- Try it -
Would you please copy the entries exactly, leaving every picture aside?

Annotated photo localization data:
* * * *

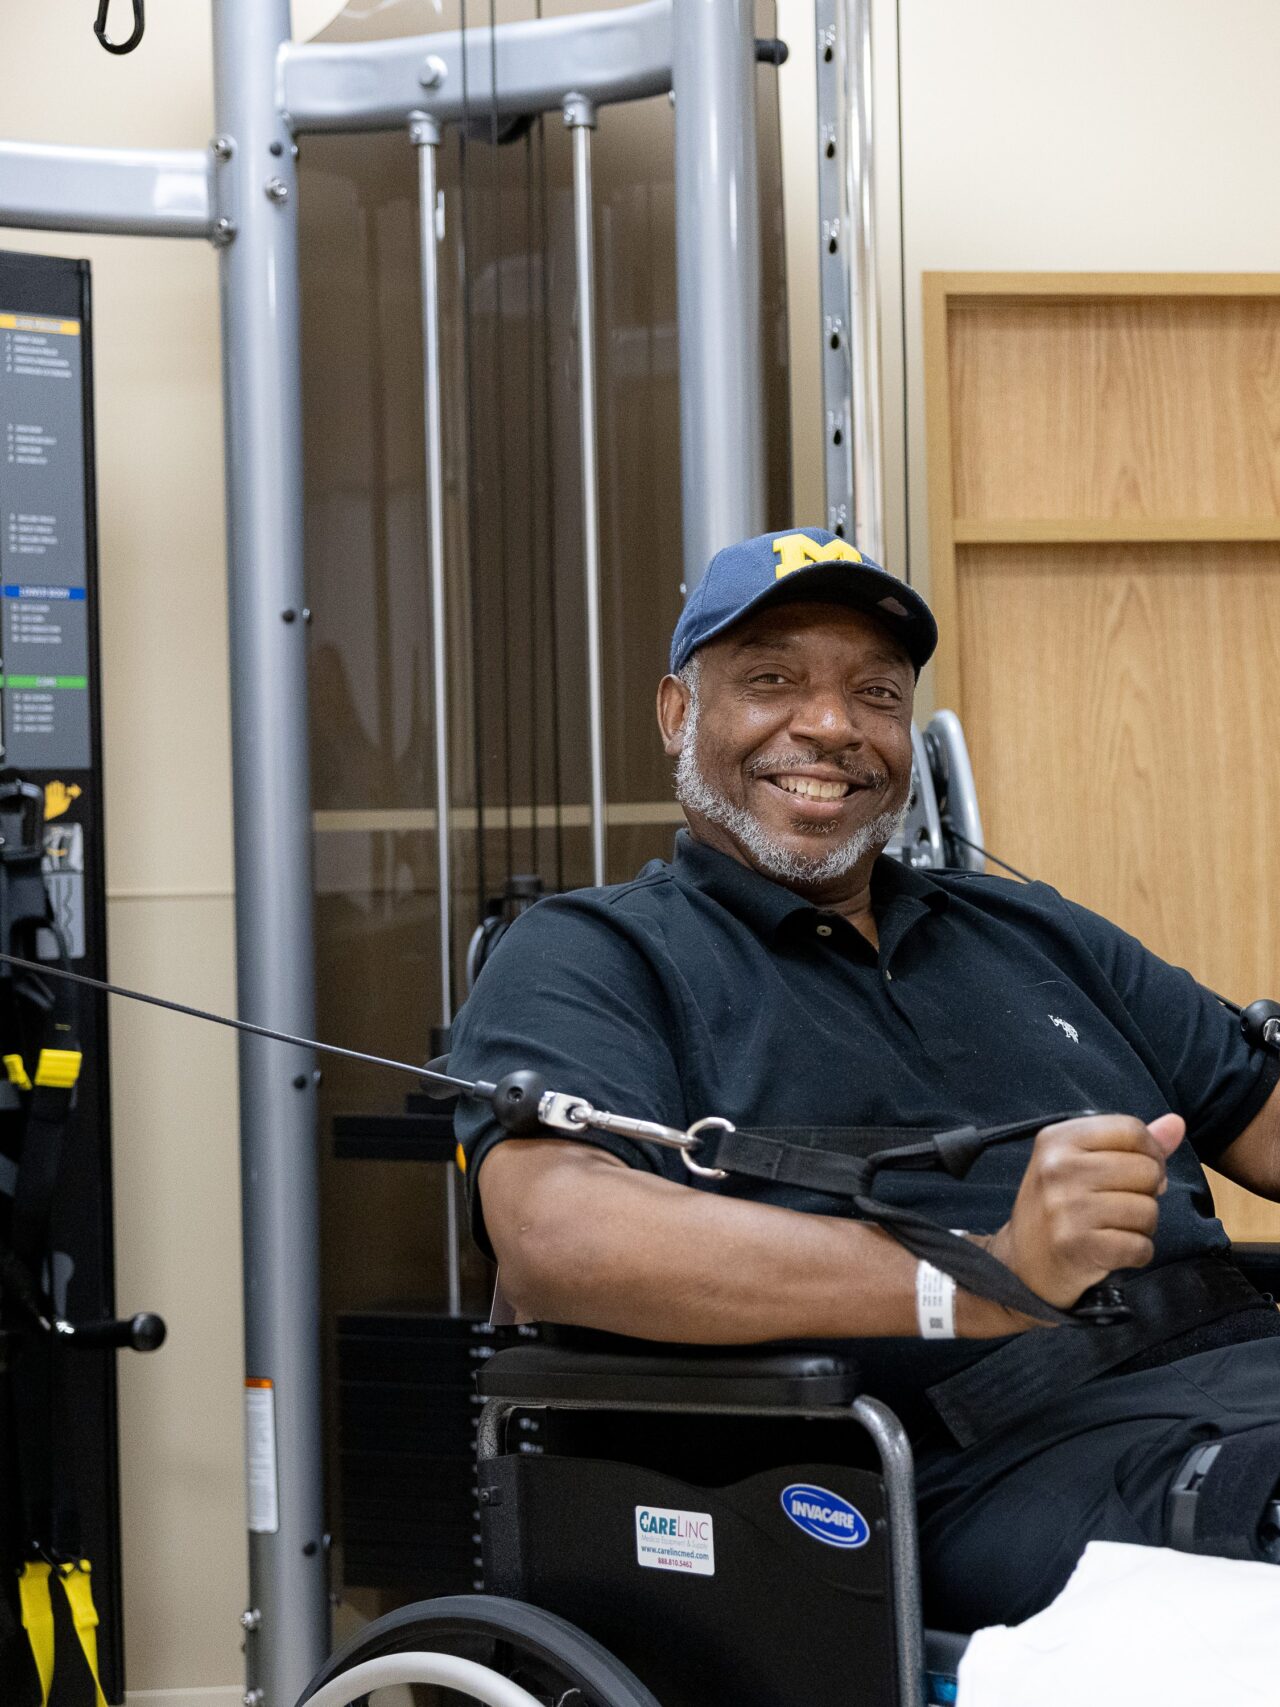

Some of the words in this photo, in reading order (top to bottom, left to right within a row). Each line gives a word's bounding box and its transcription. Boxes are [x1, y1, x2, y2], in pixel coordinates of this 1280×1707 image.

[773, 533, 863, 580] M
[792, 1499, 855, 1530] INVACARE
[641, 1546, 710, 1560] www.carelincmed.com
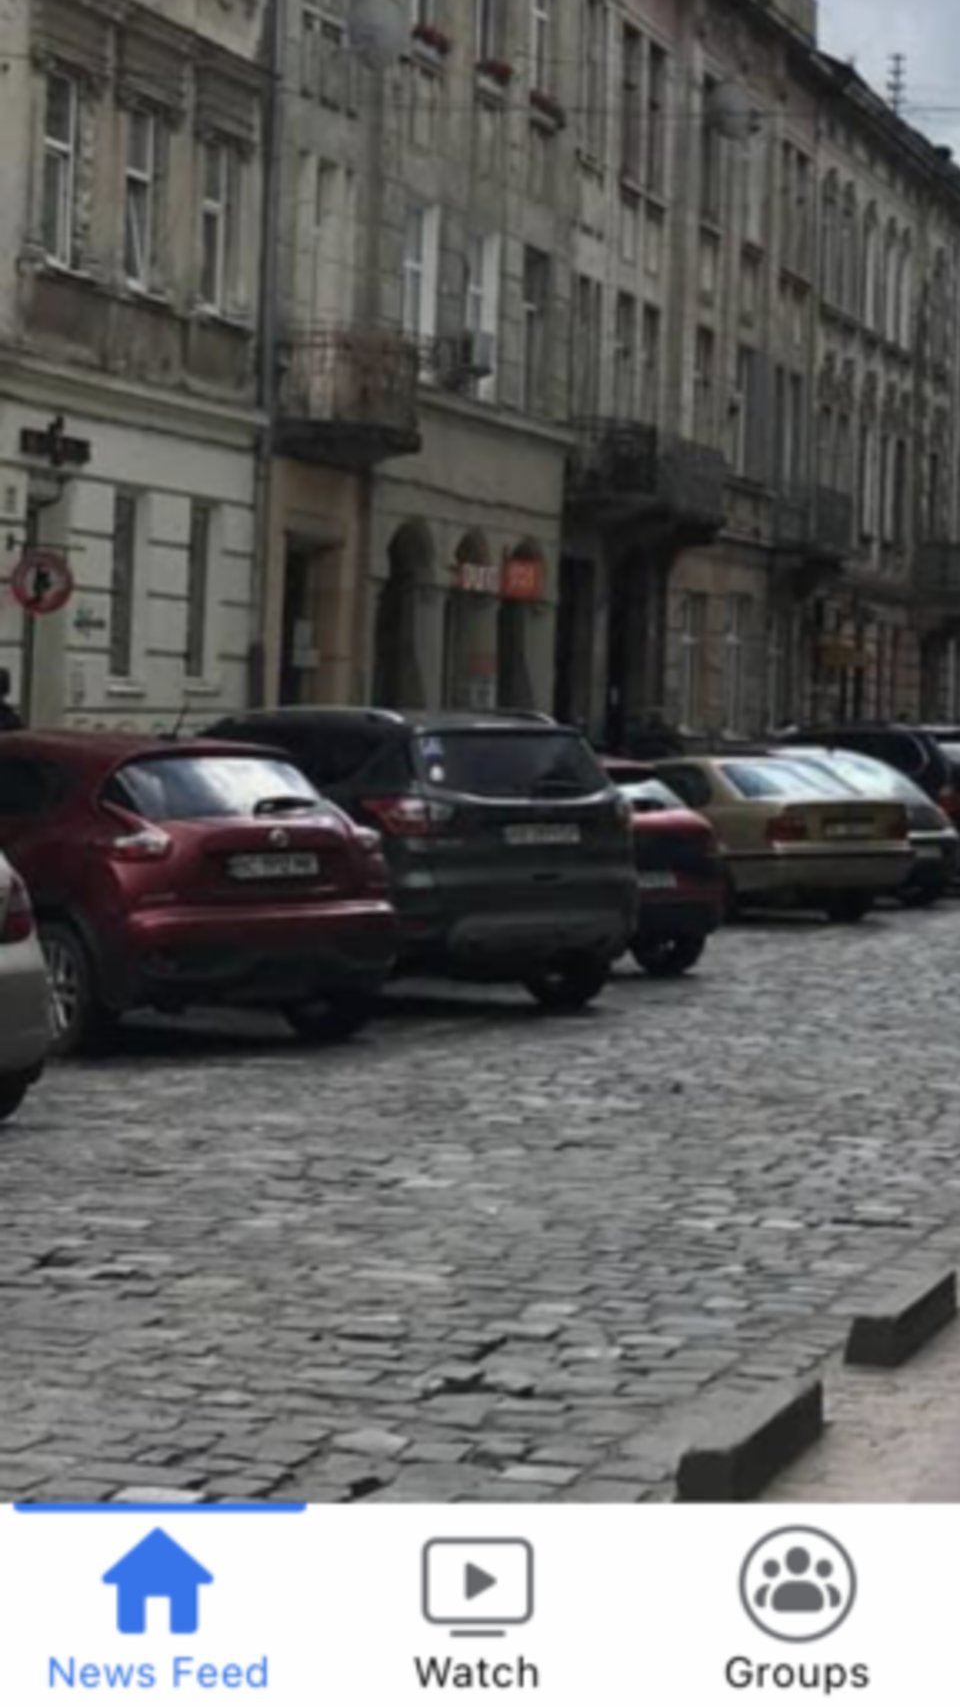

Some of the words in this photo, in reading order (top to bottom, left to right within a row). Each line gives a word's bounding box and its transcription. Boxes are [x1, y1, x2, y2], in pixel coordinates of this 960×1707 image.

[48, 1656, 157, 1689] News
[172, 1655, 269, 1689] Feed
[413, 1654, 540, 1690] Watch
[724, 1654, 871, 1696] Groups
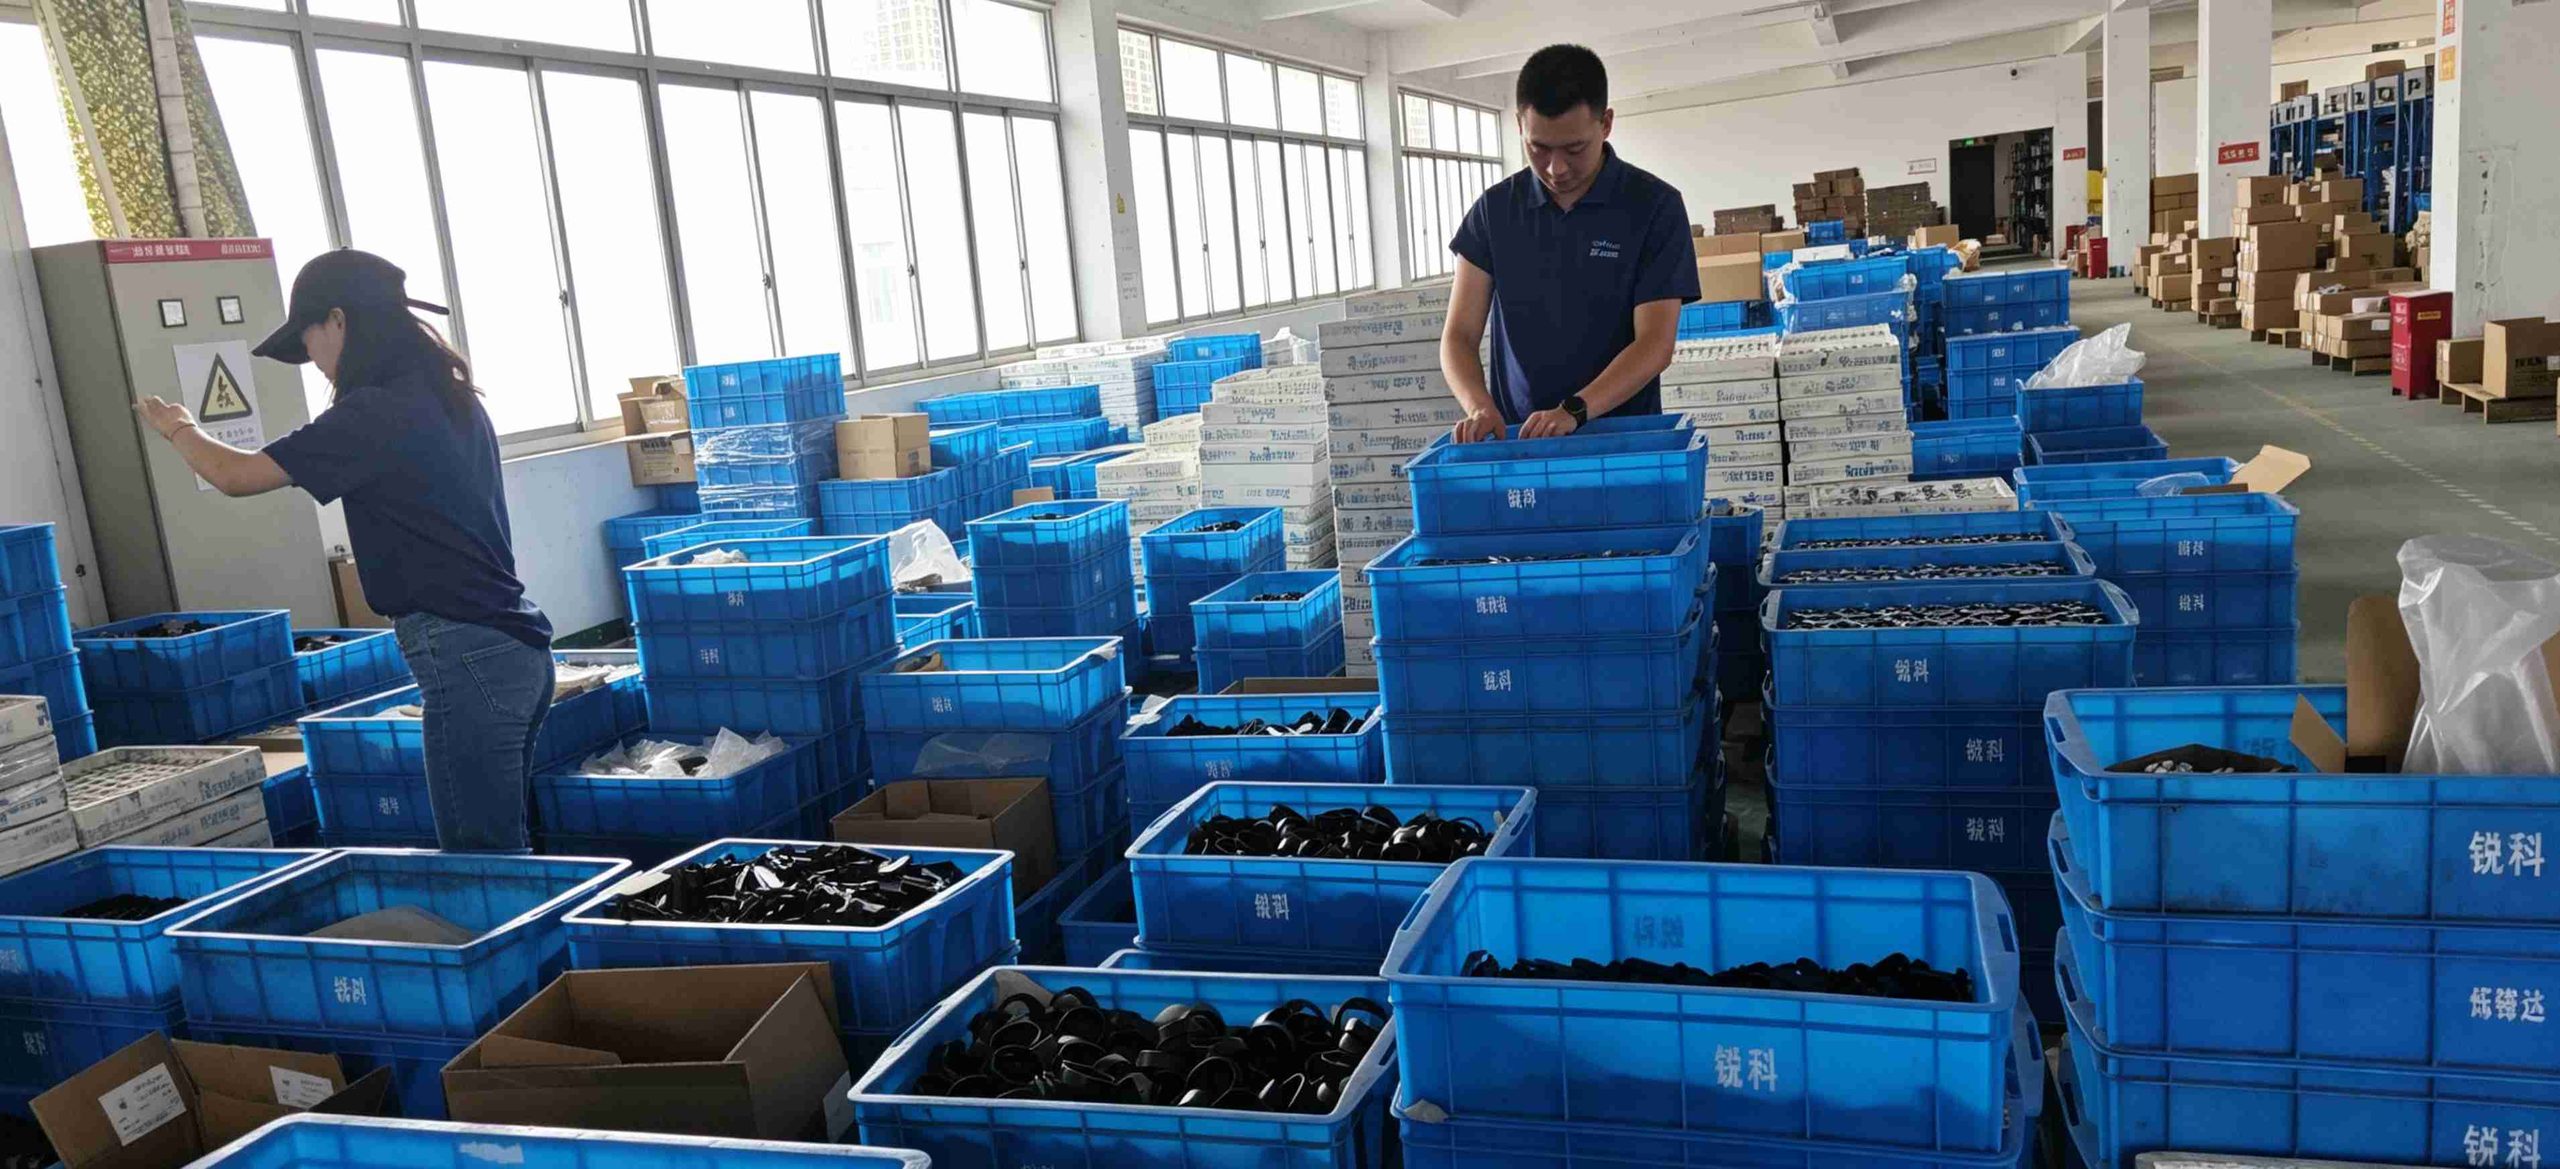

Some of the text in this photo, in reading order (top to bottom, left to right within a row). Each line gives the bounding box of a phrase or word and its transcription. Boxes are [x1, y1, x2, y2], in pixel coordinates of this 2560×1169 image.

[2468, 830, 2545, 877] 锐科
[1714, 1044, 1779, 1092] 锐科
[2463, 1124, 2541, 1169] 锐科

* * * *

- Answer area -
Some of the words in this photo, in reading order (top to bottom, left to right within a row). Each line gives a word's bounding box and its transcription. Boxes are [x1, y1, x2, y2], in pixel coordinates of this 1280×1707 image.

[773, 533, 863, 580] M
[792, 1499, 855, 1530] INVACARE
[641, 1546, 710, 1560] www.carelincmed.com

Some of the words in this photo, in reading order (top to bottom, left to right within a row). Each line gives a word's bounding box and its transcription. Boxes are [x1, y1, x2, y2], in pixel coordinates of this 960×1707 image.

[48, 1656, 157, 1689] News
[172, 1655, 269, 1689] Feed
[413, 1654, 540, 1690] Watch
[724, 1654, 871, 1696] Groups

Some of the text in this photo, in reading order (top to bottom, left to right within a row). Each line gives the bounding box of a phrase or word and its transcription. Boxes are [x1, y1, x2, y2], in pixel coordinates of this 2560×1169 image.

[2468, 830, 2545, 877] 锐科
[1714, 1044, 1779, 1092] 锐科
[2463, 1124, 2541, 1169] 锐科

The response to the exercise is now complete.